November 19, 2024

Learning – lessons from AI…

Author: Donald Clark
Go to Source

AI in one sense means doing what human do when they learn. The field is thick with references to ‘learning’, the most common being machine learning, deep learning and reinforcement learning. Machine learning uses algorithms and statistical models and applies patterns and inferences to perform tasks, so that it learns from experience. Deep learning is a machine learning technique that uses layered neural networks with data, supervised, semi-supervised or unsupervised, to perform tasks. Reinforcement learning operates on maximising reward by exploring existing knowledge and exploring new knowledge. 
Digging deeper there is decision-tree learning, lazy and eager learning, supervised and unsupervised learning, incremental, feature, federated and ontology learning. The noun is used so frequently, in so many contexts, for so many techniques that it has become a general term for software that gets better as it proceeds. This is why it AI is a topic of immediate interest to those in the learning game. 

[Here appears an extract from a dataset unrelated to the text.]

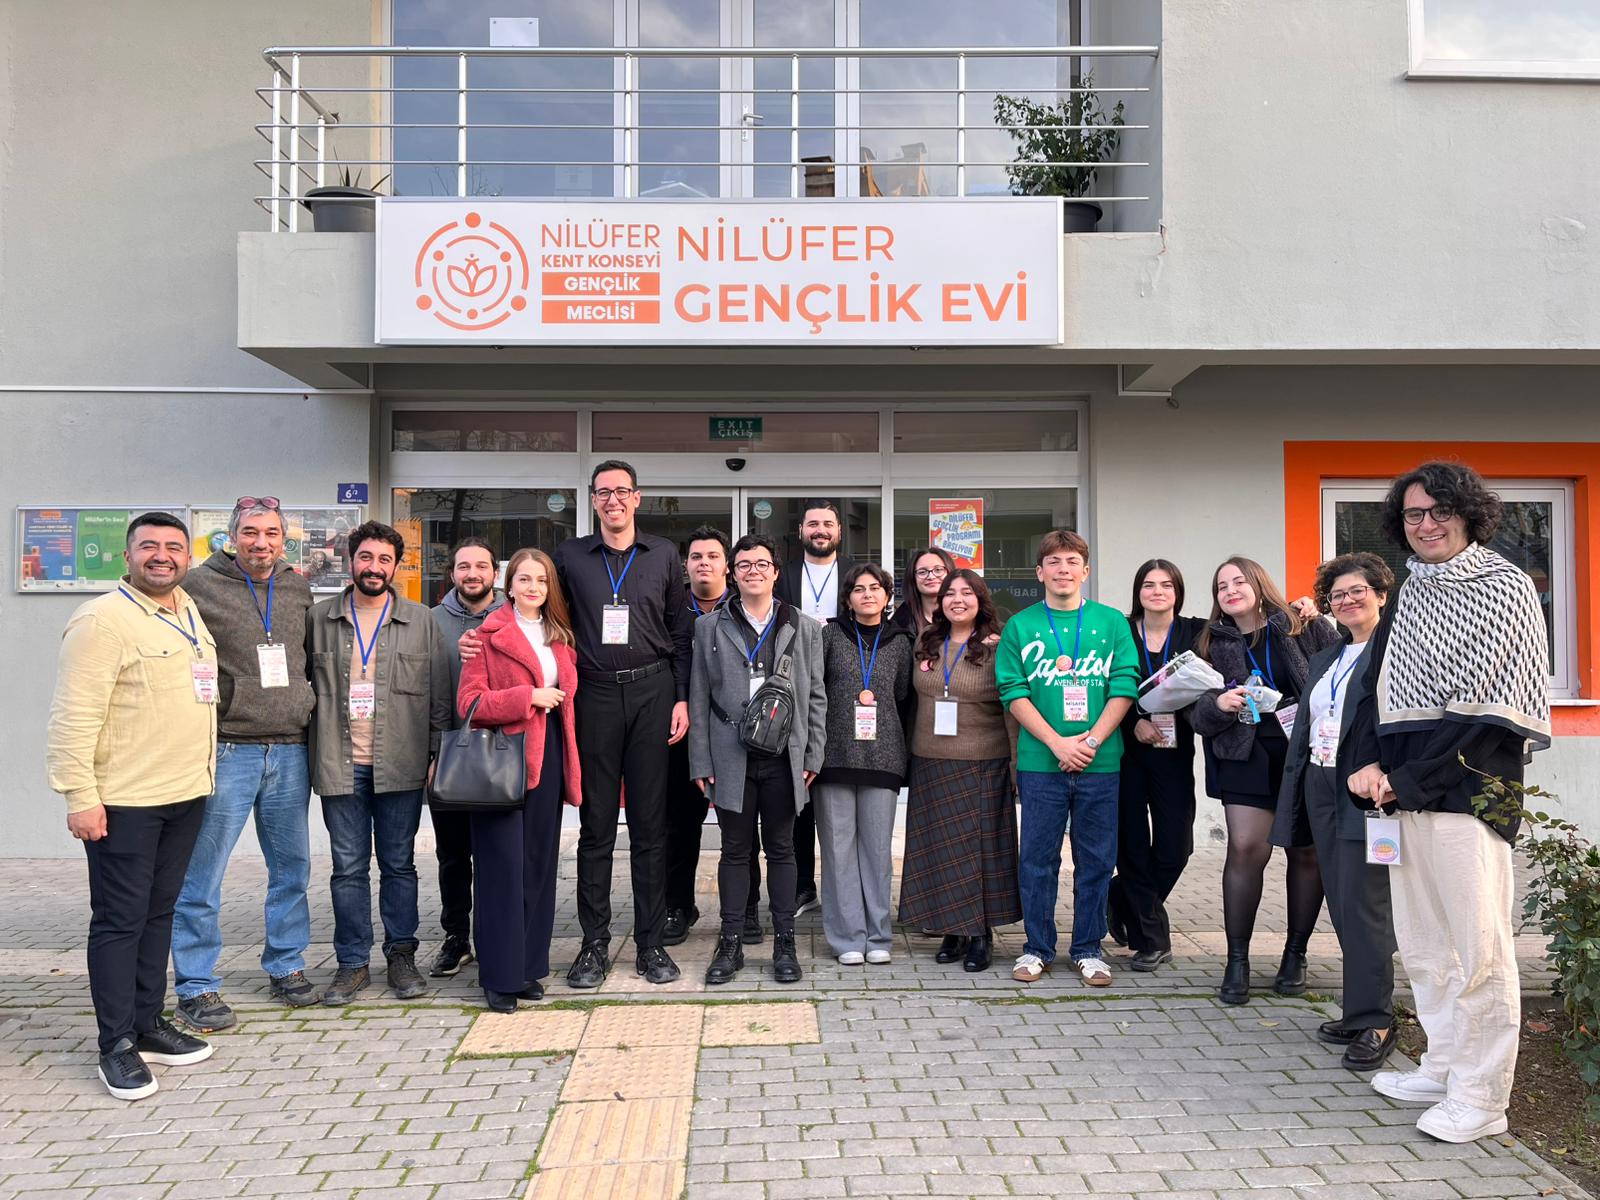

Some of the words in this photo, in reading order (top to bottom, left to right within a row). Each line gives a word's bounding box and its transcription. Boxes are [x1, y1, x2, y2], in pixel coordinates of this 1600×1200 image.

John McCarthy and Marvin Minsky convened a conference in 1956, whose aim was to 

to proceed on the basis of the conjecture that every aspect of learning (my bold) or any other features of intelligence can in principle be so precisely described that a machine can be made to simulate it”. 

There were successes, like Arthur Samuel’s checkers software, but the promise was never realised and the first AI winter arrived in the 60s. The early 80s saw a resurgence of interest in expert systems and a second winter came. It was only when probability and statistics were literally introduced into the equations that deep learning gave us translation, speech recognition and image recognition. But AI, with exponential growth in processing power, data and devices can now deliver on some of those early promises.

We are now revisiting, and implementing that 1956 objective, with a focus on how AI can be used to accelerate learning. AI makes us rethink learning. It holds the possibility that we do not have to learn some old knowledge and skills, it may help us learn new knowledge and skills, even improve the process and speed of learning. What greater objective that AI helping us to learn; learn to deal with the consequences of this bountiful technology, learn to solve intractable problems, learn to control AI, if necessary. 

Stuart Russell, a major figure in AI, rightly claims in ‘Human Compatible’, that 

With AI tutors, the potential of each child, no matter how poor can be realised. The cost per child would negligible and that child would live a far richer and more productive life.” I think he’s right. Even if he’s only part right, this is the right direction of travel.